━━━━━ Records for the exercise

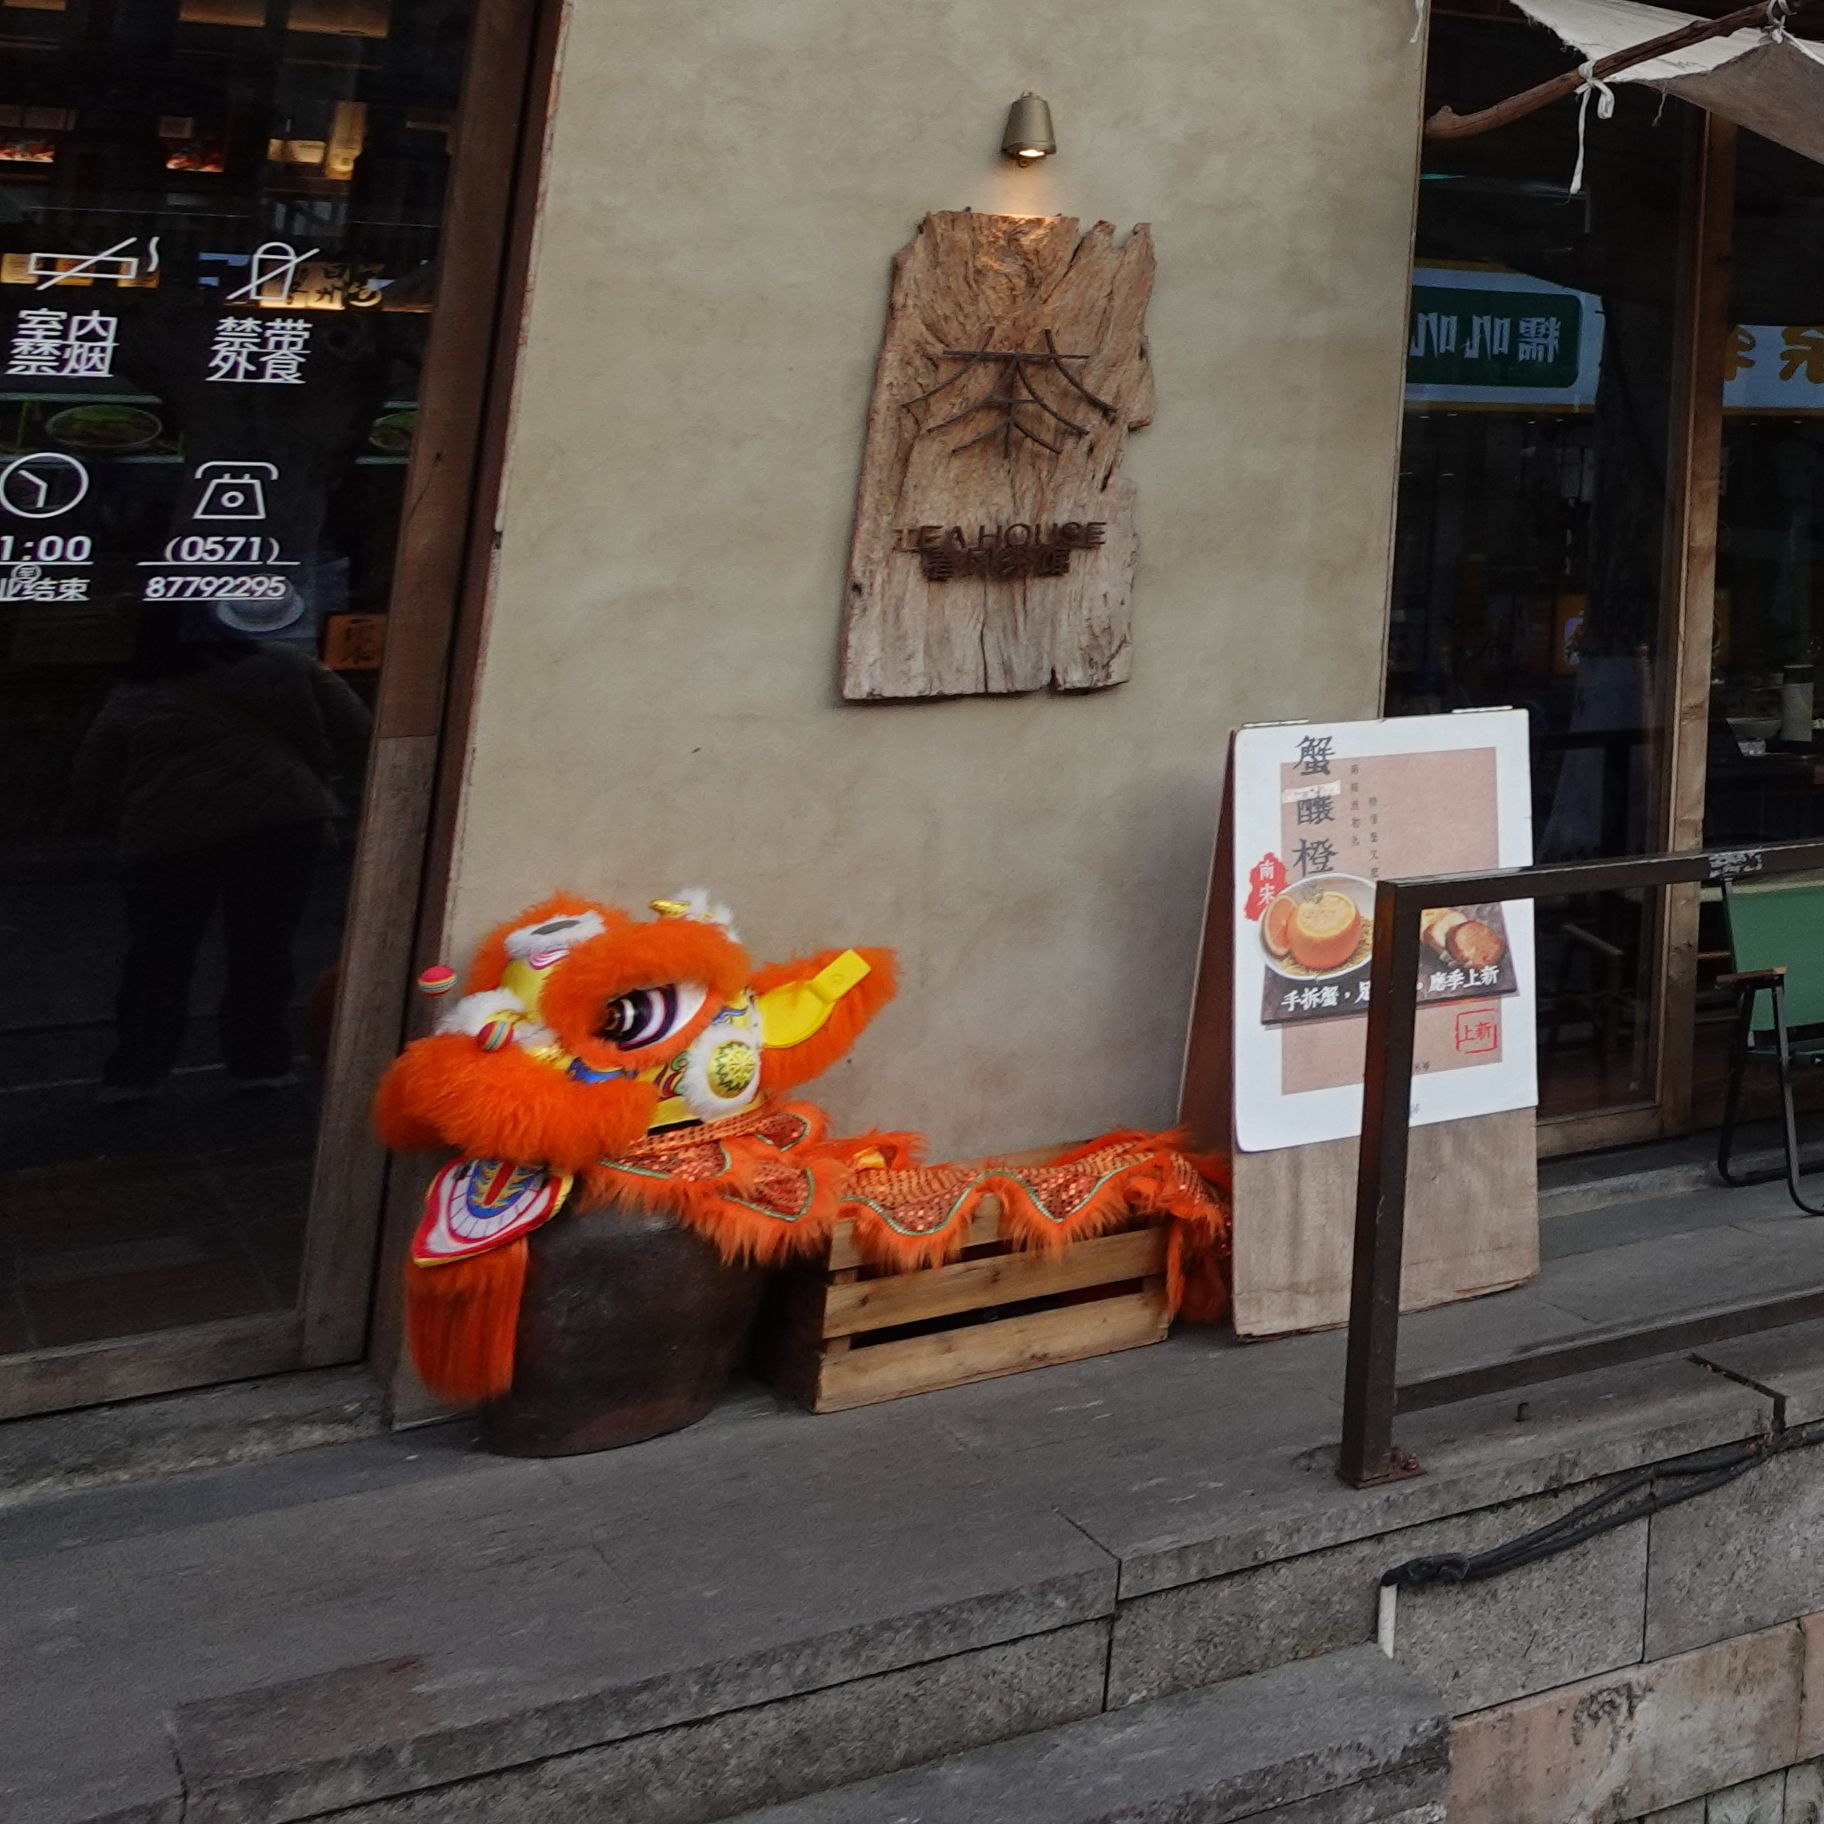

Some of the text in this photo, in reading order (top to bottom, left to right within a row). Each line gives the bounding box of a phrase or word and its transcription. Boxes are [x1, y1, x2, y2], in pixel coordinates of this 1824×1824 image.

[11, 308, 119, 345] 室内
[211, 317, 313, 353] 禁带
[4, 342, 117, 378] 禁烟
[206, 350, 307, 384] 外食
[165, 536, 280, 563] (0571)
[894, 522, 1107, 553] TEA HOUSE
[144, 576, 286, 599] 87792295

━━━━━━━━━━

* _Exercise requirements_
Reproduce the preceding material exactly, skipping pictures.

* _Written solution_
Some of the text in this photo, in reading order (top to bottom, left to right within a row). Each line gives the bounding box of a phrase or word and its transcription. Boxes are [x1, y1, x2, y2], in pixel coordinates of this 1824×1824 image.

[11, 308, 119, 345] 室内
[211, 317, 313, 353] 禁带
[4, 342, 117, 378] 禁烟
[206, 350, 307, 384] 外食
[165, 536, 280, 563] (0571)
[894, 522, 1107, 553] TEA HOUSE
[144, 576, 286, 599] 87792295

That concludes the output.